The owner of the site doesn't know who actually runs it or how it works, on purpose. It has mirrors all around the world so when the site was briefly taken down in the US it stayed online regardless.

Ryan Singel of Wired writes:

When online troublemaker Julian Assange co-founded Wikileaks, the net's premiere document-leaking site last year, some were skeptical that the service would produce anything of interest.

Now, after 18 months of publishing government, industry and military secrets that have sparked international scandals, led to takedown threats and briefly gotten the site banned in the United States, Assange says Wikileaks is just getting started changing the world.

"In every negotiation, in every planning meeting and in every workplace dispute, a perception is slowly forming that the public interest may have a silent advocate in the room," Assange writes.
In February, the site published the Pentagon's 2005 rules of engagement for troops in Iraq, revealing that troops were authorized to pursue former officials in Saddam Hussein's government, as well as terrorists, into neighboring Iran and Syria. The document was classified "secret", meaning that in the eyes of the military, its release could be expected to cause "serious damage" to U.S. national security.

The world's governments and press have taken notice. The New York Times reported on the rules of engagement leak, and the Iranian government held a press conference to warn the United States about crossing its border. The Washington Post reported on the Guantanamo documents, forcing the Pentagon to respond.

More controversially, the site has begun posting confidential documents from the secretive and litigious Church of Scientology, and from the Church of Jesus Christ of Latter Day Saints.

Julian Assange
Julian Assange

Julian Assange (pictured) is a hacker born in Australia. He lives in east Africa now and says he does the stuff he does because he has a conscience. Still, Wikileaks doesn't only publish highly political content. It also leaked the complete script to the new Indiana Jones movie and the tax returns of at least one Hollywood actor, leading many to claim the site is simply irresponsible and undermining society. It's interesting that no-one is questioning its accuracy however.

The Pentagon isn't the only group with no love of Wikileaks. In January, Wikileaks published secret banking documents from the Cayman Islands branch of the Swiss private bank Julius Baer, despite not being certain of their veracity. The documents allegedly show the bank knew about, and even aided, money laundering. The bank sued Wikileaks in a federal court in California, briefly convincing a judge to order Wikileaks' domain registrar to de-list the site from web.

Predictably, the censorship attempt backfired as netizens posted the IP address of Wikileaks, whose servers were unaffected. Press groups, the ACLU and the Electronic Frontier Foundation, among others, filed friend-of-the-court briefs in the case, which brought more attention to Wikileaks than any of its previous -- and more spectacular -- document leaks.

The judge in the case soon reversed himself, and Julius Baer, which declined to comment on Wikileaks, dropped the suit, realizing that the attempt to censor brought more attention to the documents than if they had just ignored it.

This again shows that governments are still slow to catch onto the idea that you can't beat the internet into submission with a club.
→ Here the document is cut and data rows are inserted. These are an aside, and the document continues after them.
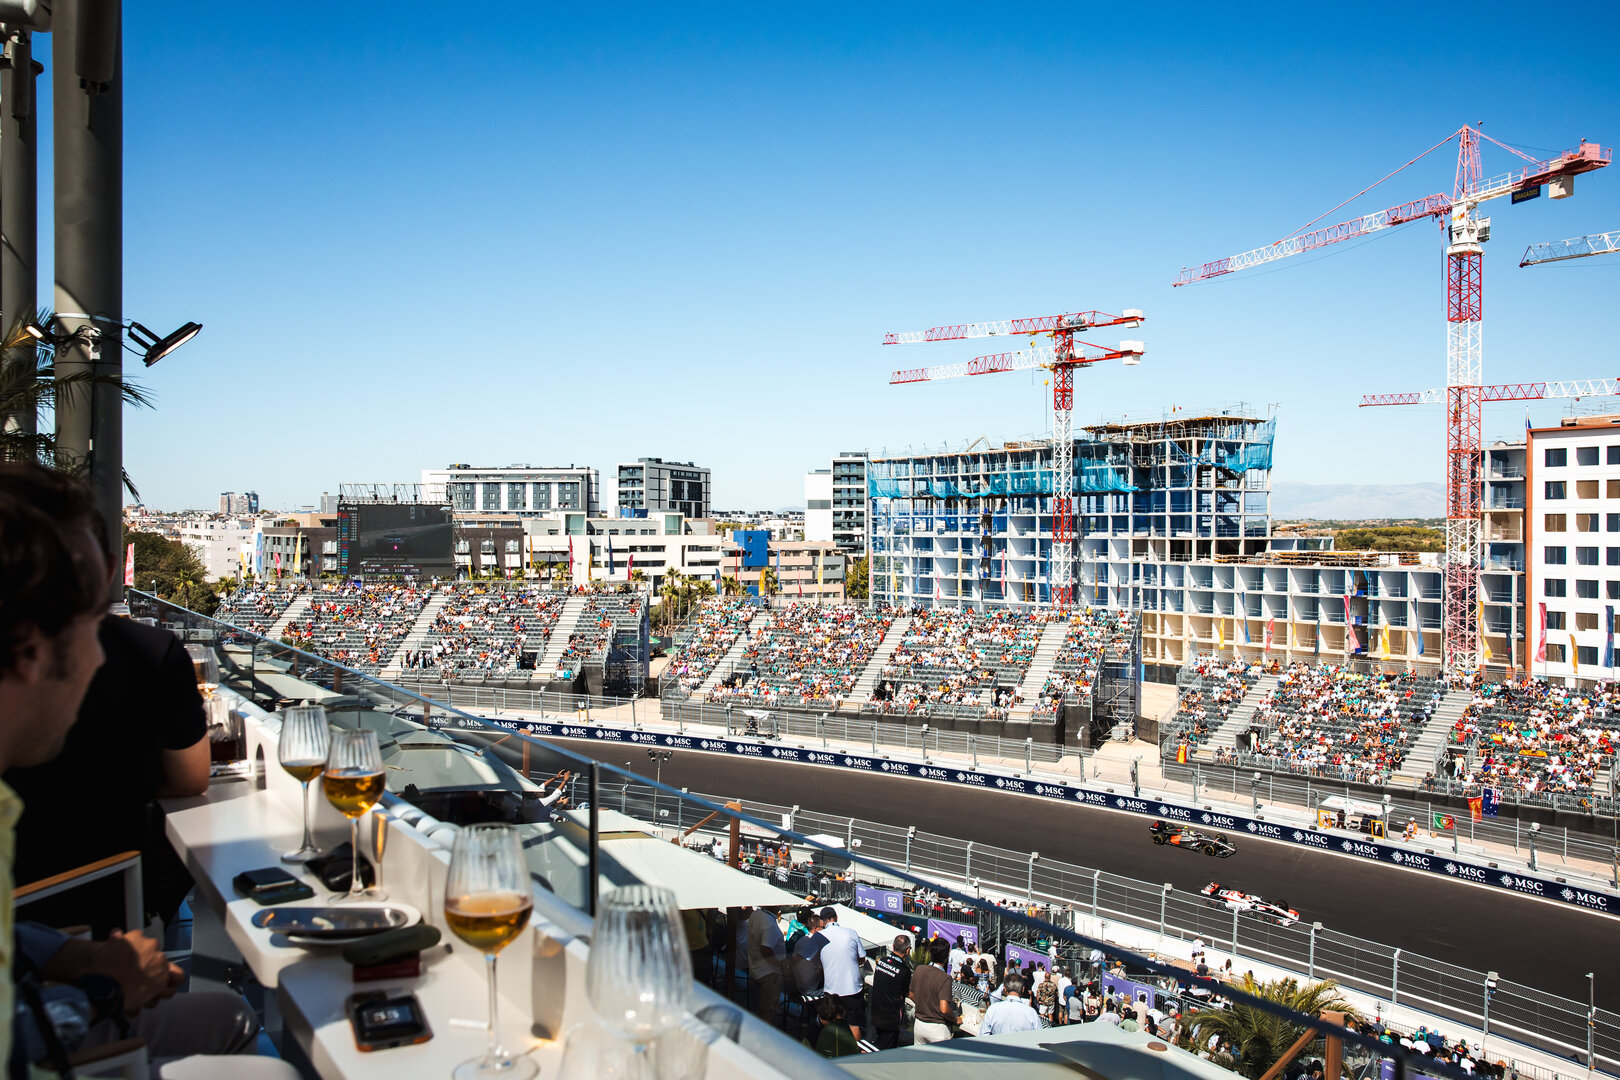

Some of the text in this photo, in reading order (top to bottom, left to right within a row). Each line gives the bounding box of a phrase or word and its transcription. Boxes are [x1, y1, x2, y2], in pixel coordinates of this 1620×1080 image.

[891, 763, 908, 771] MSC
[929, 769, 946, 777] MSC
[967, 774, 984, 782] MSC
[1006, 780, 1024, 789] MSC
[1045, 786, 1064, 795] MSC
[1086, 793, 1105, 802] MSC
[1127, 800, 1146, 809] MSC
[1170, 808, 1190, 817] MSC
[1213, 815, 1233, 825] MSC
[1259, 824, 1280, 834] MSC
[1305, 833, 1327, 844] MSC
[1354, 843, 1377, 855] MSC
[1405, 854, 1429, 866] MSC
[1459, 865, 1485, 878] MSC
[1515, 878, 1542, 891] MSC
[858, 896, 876, 907] 1-23
[1577, 892, 1606, 906] MSC
[1577, 901, 1607, 910] CRUISES
[960, 929, 972, 937] GD
[1010, 950, 1020, 958] GD
It's almost a living organism, or at least a shared consciousness, able to reproduce. Whether you agree with what Wikileaks does or not, people will have to change their approach to account for a world in which the internet exists and thrives.

If Assange is unflustered by criticism of Wikileaks, he acknowledges that one of its founding ideas has not panned out. As conceived, Wikileaks would employ an army of volunteers to collaboratively evaluate the documents it leaks -- that's the "wiki" in Wikileaks. But despite the site's growing reputation and its emergence as a cause celebre on the net, nobody's shown much interest in poring over pages of documents that reveal the world's secret workings.

Instead that work of vetting and analyzing documents has fallen to academics, journalists and Wikileaks' own staff, including Assange. Now Wikileaks is planning to drop the wiki model entirely. In the future, it plans to pre-release selected documents to investigative journalists, then publish them once a story appears. That gives the favored reporters time to analyze and verify documents without fear of being scooped.

Assange is even toying with the idea of making his site a subscription service that pre-releases secret documents to paying reporters. The reporters would have the option of writing about a given leak, or passing on it and getting another, if the reporter doesn't find it useful.

The change is partly due to economics, he says. Academics and journalists are among the few who have time to spend poring over documents. It's also partly because people online seem more inclined to comment on something that's already been analyzed, than analyze it themselves, says Assange.

Economics is what decides everything in the end, it seems. The internet is still a wild an untamed frontier far from being able to support mature business or economic models. Still, it's clearly here to stay. It will be fun to see how it all pans out.